As part of this journey, I will look to put myself in places I have never been and experience situations that are unfamiliar to me. Thursday was a great opportunity to do both of these. My first experience in a laundromat was eye-opening, entertaining and enjoyable.
This was the final step towards my goal of completing 12 hours of community service in Orlando. I found out about the opportunity through Volunteer Match. The site is a great way to find new and exciting opportunities to volunteer in your own community. After a few emails with Brianna (the incredible leader of the Movement), I was locked in to join the Street Team Movement on Thursday morning. Armed with good intentions and an open mind, I showed up at the laundromat a little before the 8:45 AM suggested arrival time. I walked in and sat down. The one patron in the laundromat asked if Bri (Briana’s more common name as I would find out later) was going to be there today. Either it was the fact that I had no laundry in tow or the fact that I looked out of place, but he knew I was there with Street Team Movement. I knew the name from the email, so I gave a quick yes.
Bri would walk in a little later with Big Show carrying a well-organized box of supplies. I immediately realized my vision of just throwing quarters in machines was well off. They had this operation down to a tee. Bri was the fearless leader (she gives 30 hours a week to the movement on top of her job!) of the team of 3 others, a volunteering photographer (pictures to update website), and me on this day. This was operated like a true business. An individual had to make an appointment with the Team for Tuesday evening or Thursday morning. Although there was a grace period of 15 minutes, they had to make their appointment to get their laundry done that day.
When the individuals showed up with their laundry they were logged into a binder with separated tabs for the different days and a history of all records. I was quickly reminded of previous treasurer days when Bri explained how important it was that every quarter used was recorded. After checking in with Carrol, their name was put on a dry erase placard(s). Two was the maximum number of loads the individual could do. Marie then took the name and searched for an open washer to clothespin the name to the swinging door. She also provided the individual with laundry detergent. The Street Team Movement even has their own Laundry Detergent! Big Show was the money man and had the bag of quarters. He helped the individual set the time, temperature, etc. to get the load started. He shouted back across the room to Carrol who recorded the amount of money used for that individual. This was carefully recorded in the binder. A similar process took place on the move from the washer to the dryer. Everything was down to a science and there could be no open washer/dryer time in order for the Team to keep all of the appointments.

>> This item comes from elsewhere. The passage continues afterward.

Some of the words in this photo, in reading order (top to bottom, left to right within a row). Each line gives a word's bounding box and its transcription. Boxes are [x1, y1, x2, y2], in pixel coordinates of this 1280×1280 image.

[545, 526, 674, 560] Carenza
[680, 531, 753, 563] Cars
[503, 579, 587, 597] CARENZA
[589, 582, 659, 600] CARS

After learning the process, I hopped in wherever I could. With a limited number of washers/dryers, my main goal was to make sure there were no open machines. When a washer was done, I found the correct individual and helped them move to an open dryer. Bri was free to go grab coffee for the individuals doing laundry as they waited for it to finish or waited for their turn on a machine. This was much appreciated by all and one man even shared a packet of hot chocolate that he had in his backpack. As I looked around, I soaked it all in. Everyone knew Bri and most of the other volunteers. The interactions were that of friends. There was joking and laughing. Birthday wishes were given to one lady who happened to be celebrating her birthday. She also deflected attention to another lady who had celebrated her birthday the day before. This was more than just laundry. I was witnessing interactions among a community. I was affectionately referred to as the “New Guy” on multiple occasions. That is pretty close to acceptance…right? Regardless, I felt accepted and enjoyed my experience. Laundry will never be the same for me again.
UPDATE: This was a recount of my first experience with the Street Team Movement, but I returned the following week. My second Thursday back with the Street Team Movement allowed me to connect more with Carrol and Big Show as they shared stories and advice. I was in charge of the markers and monitoring the machines with Marie and Bri not able to make it in.